Rescued Md. osprey dies suddenly of extreme exertion and stress

A raptor rescued Aug. 10 in Anne Arundel County died. (Courtesy Donna Cole)

An osprey rescued by U.S. Naval Academy’s “Fighting 46” fire department Saturday died early Tuesday.

The fledgling, female osprey had been tangled on a tree with fishing wire on Greenbury Point along the Severn River in Maryland’s Anne Arundel County. It’s believed it was just learning to fly when it ended up entangled.

Initially, the Boyds, Maryland-based Owl Moon Raptor Center, where the bird of prey was taken to recover, thought the bird’s prognosis was good.

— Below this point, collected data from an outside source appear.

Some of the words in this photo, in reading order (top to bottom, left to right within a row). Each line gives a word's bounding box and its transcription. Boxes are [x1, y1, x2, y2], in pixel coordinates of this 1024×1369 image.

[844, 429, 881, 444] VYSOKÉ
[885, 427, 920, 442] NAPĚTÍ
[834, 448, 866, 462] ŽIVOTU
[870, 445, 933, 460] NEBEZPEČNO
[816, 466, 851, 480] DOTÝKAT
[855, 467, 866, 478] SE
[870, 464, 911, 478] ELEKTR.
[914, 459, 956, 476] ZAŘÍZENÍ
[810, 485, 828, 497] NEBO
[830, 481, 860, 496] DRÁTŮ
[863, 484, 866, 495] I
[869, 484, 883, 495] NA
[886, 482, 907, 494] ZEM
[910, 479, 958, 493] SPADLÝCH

The bird had wounds on her wings and left leg.

“Initially, she just presented with what looked like just the wounds, which were manageable,” said Suzanne Shoemaker, director of the Owl Moon Raptor Center. “They were significant, but they were manageable, and we had hopes then that she would respond to treatment and we could heal the wounds.”

The ausprey’s symptoms indicated that it suffered from a condition called capture myopathy. It occurs, the center said on its Facebook page, “as a result of extreme exertion, struggle, or stress. … Severe muscle damage results from a build-up of lactic acid, which in turn causes elevated respiratory, heart rate, and body temperature, and ultimately death.”

“It’s not something we see very often,” Shoemaker told WTOP. “But in this case, it appears that’s what happened. … That’s the kind of symptoms we saw.”

The osprey’s entanglement and rescue captured the attention of an entire community.

It took a team of 12 people, including volunteers and firefighters, two hours to rescue the bird after someone spotted it in a tree.